Bifteck frites

L’admiration et le respect pour Julien Gracq étaient quasiment unanimes. Et quand un de ses livres ne paraissait pas être aussi remarquable que Le Rivage des Syrtes, Un balcon en forêt ou Lettrines, cela était plus suggéré que dit franchement. Aussi grande est la stupéfaction quand on lit ceci sous la plume de Dominique Fernandez à propos de Autour des sept collines, de Gracq, ouvrage sur Rome : « Les jugements sont aussi étriqués que les clichés abondants. N’émergent de cette pauvreté que quelques jolies pages (…). Le reste se déshonore par une suffisance imbécile », Le Piéton de Rome.

Plus loin, Julien Gracq est comparé à M. Perrichon et traité de « petit provincial à la recherche de son bifteck frites ». Fichtre !

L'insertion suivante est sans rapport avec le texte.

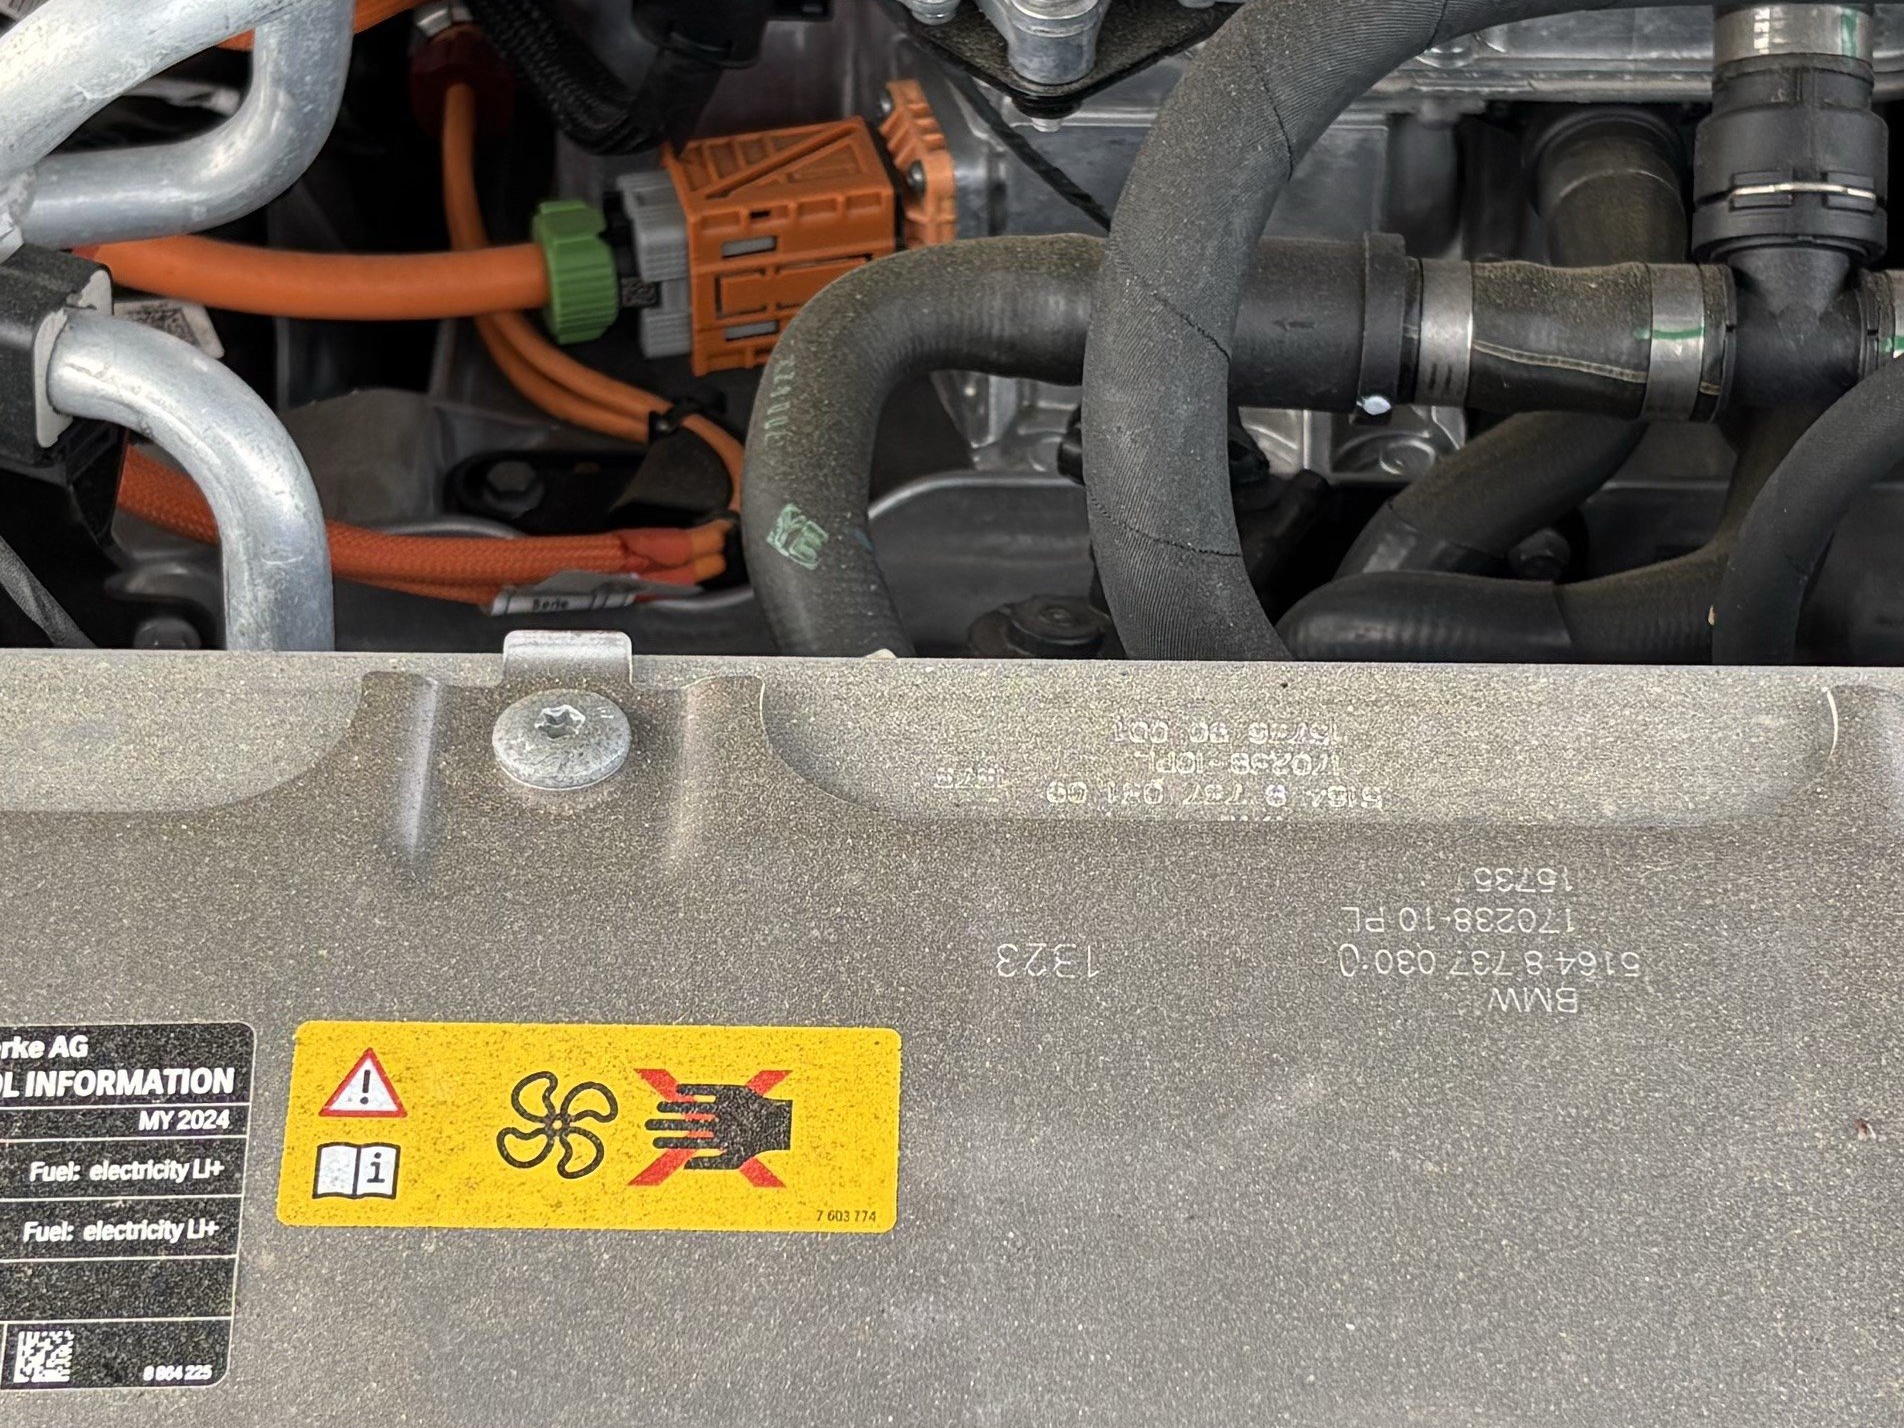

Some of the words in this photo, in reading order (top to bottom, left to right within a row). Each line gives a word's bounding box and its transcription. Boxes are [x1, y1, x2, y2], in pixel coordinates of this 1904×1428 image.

[1341, 906, 1385, 933] PL
[996, 941, 1100, 981] 1323
[1374, 949, 1436, 975] 030
[1448, 950, 1508, 976] 737
[1523, 950, 1544, 976] 8
[1487, 987, 1578, 1014] BMW
[48, 1034, 89, 1059] AG
[24, 1067, 236, 1097] INFORMATION
[138, 1111, 175, 1131] MY
[176, 1109, 231, 1130] 2024
[29, 1161, 81, 1183] Fuel:
[89, 1159, 190, 1184] electricity
[816, 1210, 824, 1222] 7
[827, 1209, 850, 1223] 603
[854, 1209, 877, 1223] 774
[23, 1220, 75, 1243] Fuel:
[83, 1218, 185, 1244] electricity
[184, 1364, 213, 1380] 225

Cela m’a rappelé mon étonnement, souvent mon indignation, quand, préparant un essai, Les Critiques littéraires (1968), j’avais découvert dans les archives des boules puantes d’un écrivain à un autre envoyées. La métaphore est particulièrement juste à propos d’Henri de Régnier : « Pour suivre Céline en ce “voyage au bout de la nuit”, mettons des bottes d’égoutier et bouchons-nous le nez. »

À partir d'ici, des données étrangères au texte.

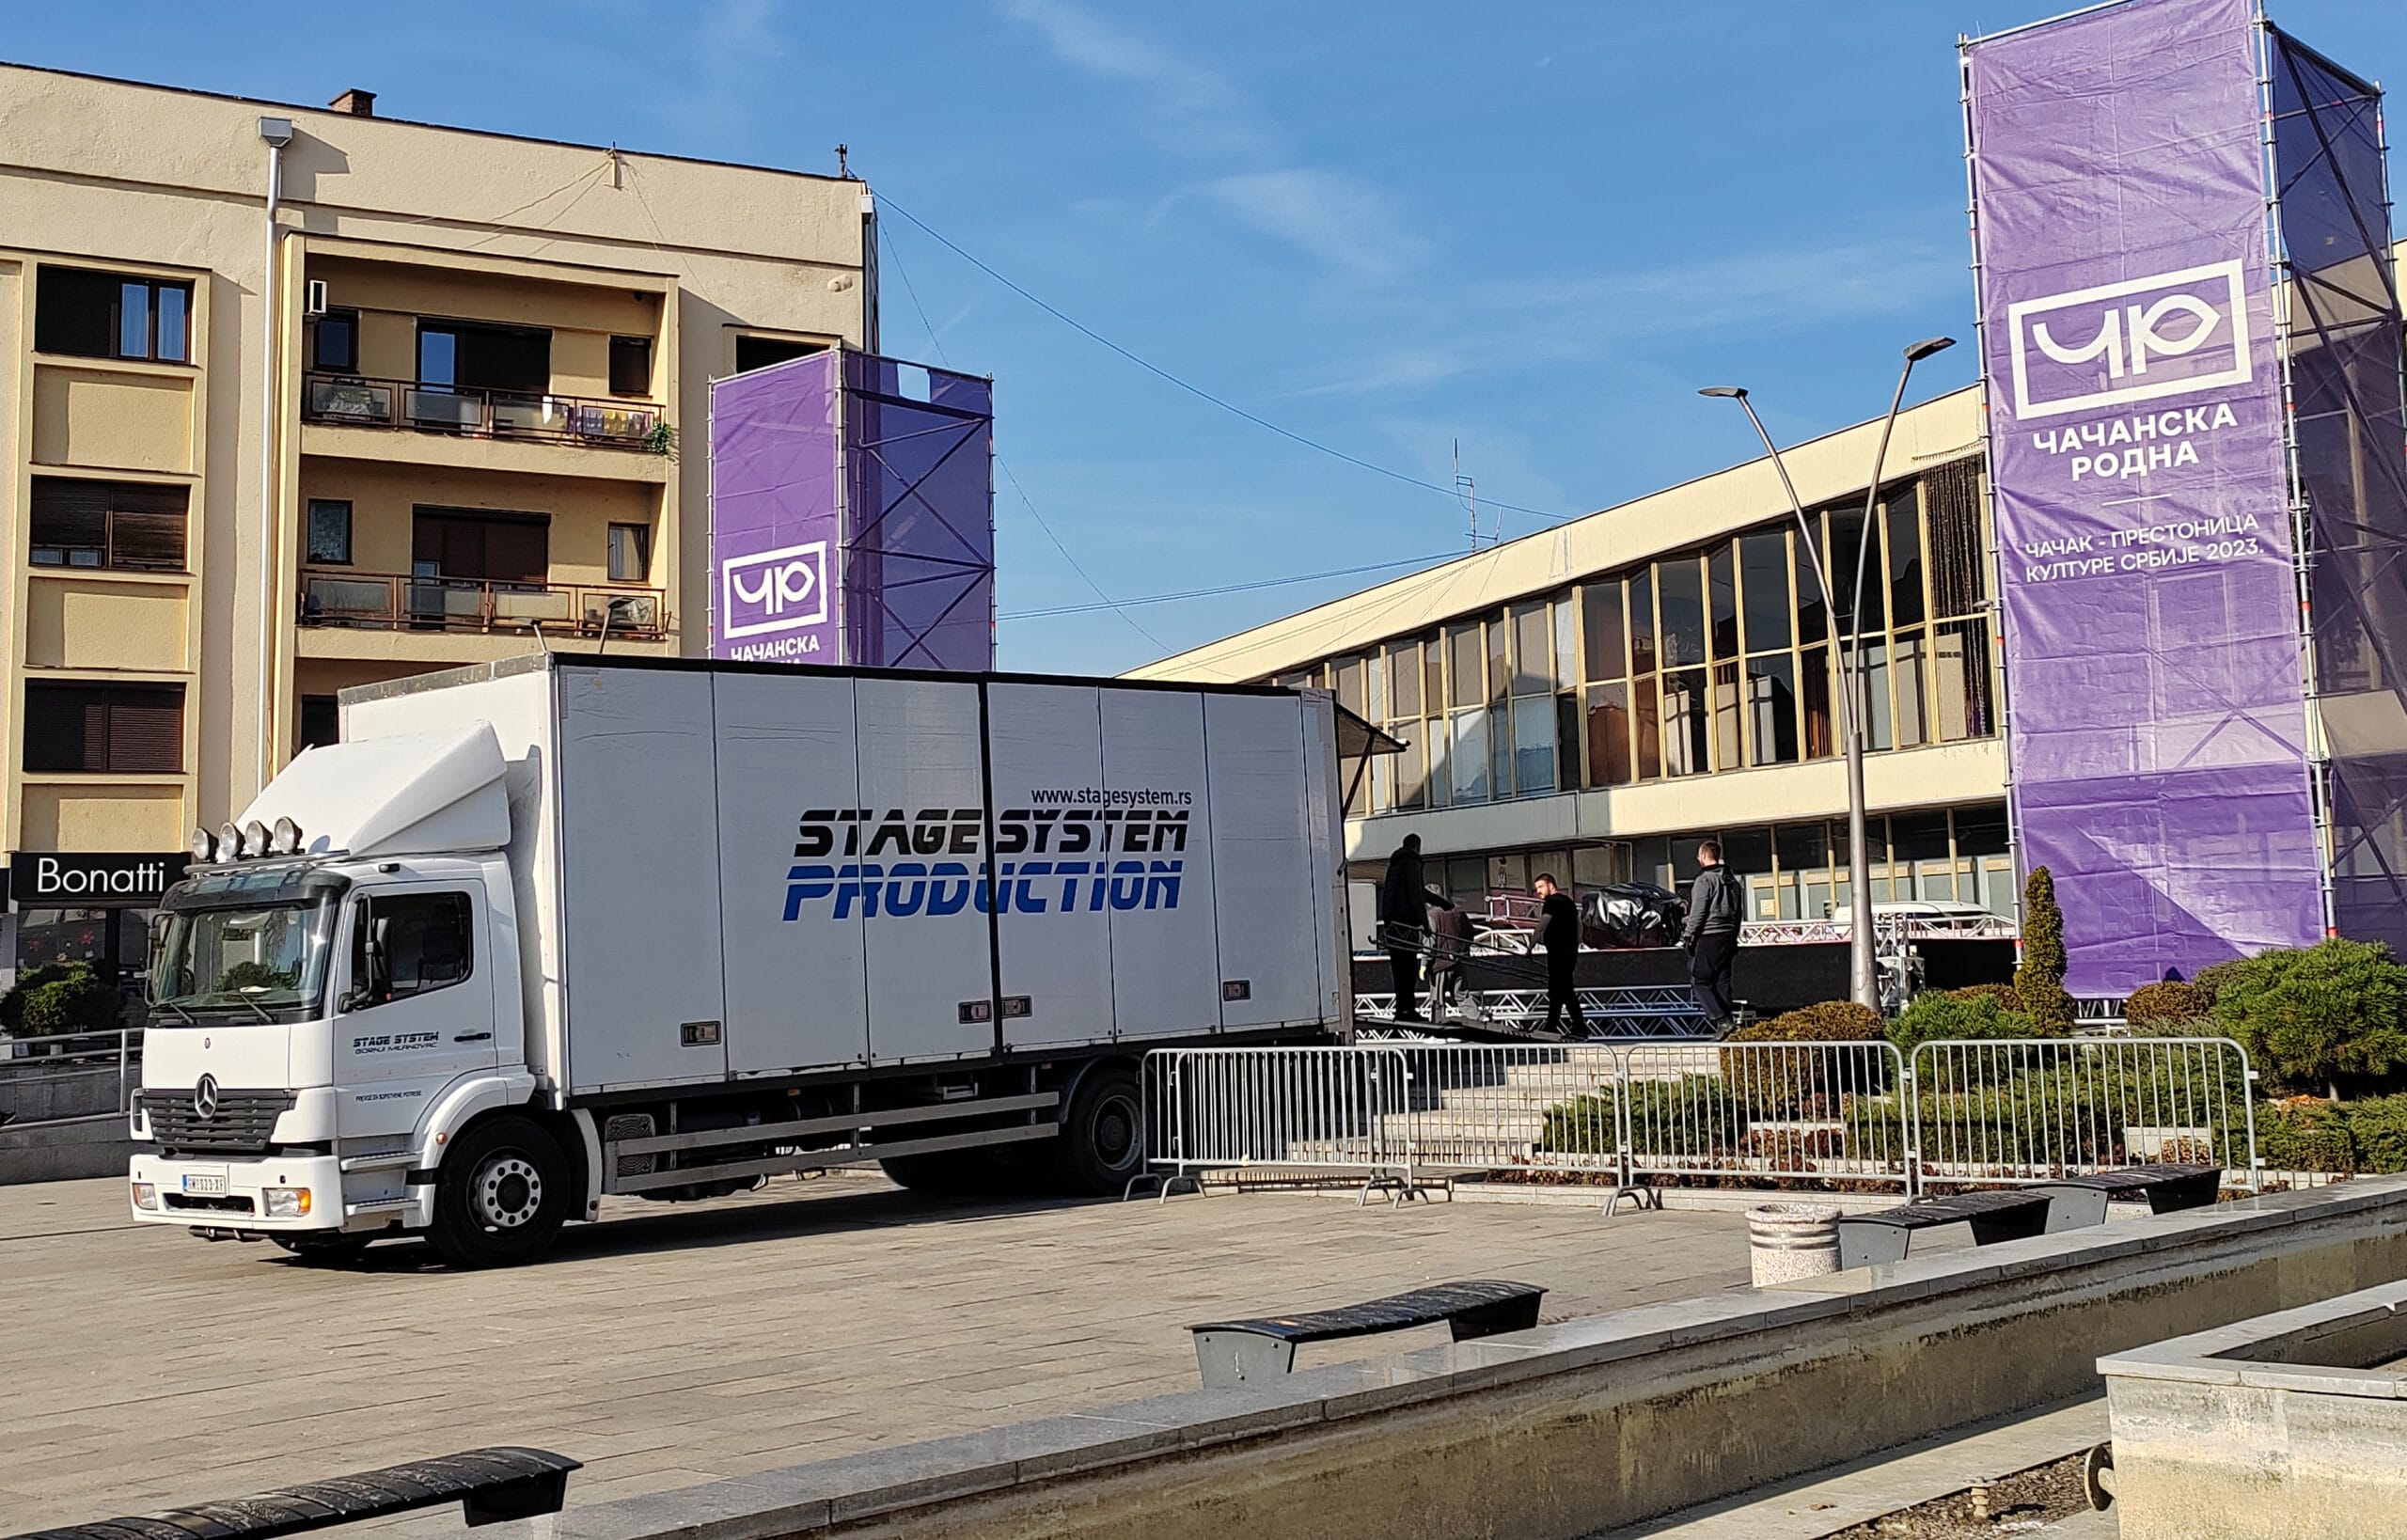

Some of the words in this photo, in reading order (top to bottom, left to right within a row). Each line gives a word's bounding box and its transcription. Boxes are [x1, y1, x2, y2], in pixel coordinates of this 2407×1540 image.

[2033, 402, 2238, 454] ЧАЧАНСКА
[2071, 440, 2199, 480] РОДНА
[2024, 535, 2094, 558] ЧАЧАК
[2111, 512, 2259, 548] ПРЕСТОНИЦА
[2025, 556, 2116, 583] КУЛТУРЕ
[2120, 546, 2199, 571] СРБИЈЕ
[2206, 538, 2264, 561] 2023.
[731, 635, 820, 661] ЧАЧАНСКА
[1031, 787, 1191, 808] www.stagesystem.rs
[794, 809, 983, 857] STAGE
[995, 809, 1190, 855] SYSTEM
[38, 857, 165, 893] Bonatti
[782, 859, 1184, 921] PRODUCTION
[354, 1036, 390, 1047] STAGE
[394, 1031, 439, 1044] SYSTEM

De Léon Bloy : « Arthur Rimbaud et Stéphane Mallarmé sont des poètes immobiles et solidement assis dans la même pagode d’imbécillité parfaite. »

De Barbey d’Aurevilly : « M. Émile Zola croit qu’on peut être un grand artiste en fange comme on peut être un grand artiste en marbre. Sa spécialité, à lui, c’est la fange. Il croit qu’il peut y avoir très bien un Michel-Ange de la crotte. »

Jean de Gourmont, écrivain comme son frère Remy, après lecture du Corydon, d’André Gide : « La littérature des pédérastes est une littérature féminine, dépourvue de cette auto-érection cérébralement virile qui constitue peut-être la puissance créatrice. » Le « peut-être » mérite d’être souligné…

Jules Lemaître : « La mort de Paul Verlaine n’est qu’un incident de la vie de Paris, ce n’est pas une date littéraire. »

L’histoire littéraire a rendu ridicules ces jugements assassins. Ce qui cependant me choque le plus, ce n’est pas l’erreur et la bêtise, mais la méchanceté, la hargne d’un écrivain vis-à-vis d’un autre. Que l’on n’apprécie guère le talent d’un confrère, qu’on éprouve le désir de le faire savoir, pourquoi pas. Encore faut-il ne pas se tromper et surtout ne pas exprimer son opinion avec suffisance et une cruauté qui, avec le temps, se retourne contre son auteur.

Les écrivains devraient laisser aux journalistes et critiques littéraires l’usage de la férocité dans les journaux et revues. Mais, le succès aidant, bien des écrivains sont sollicités, régulièrement ou à l’occasion, pour exprimer dans la presse des jugements sur leurs concurrents. (« Un écrivain ne lit pas ses confrères, il les surveille », Maurice Chapelan). Il y a alors autant de danger à se répandre en dithyrambes qu’en sarcasmes.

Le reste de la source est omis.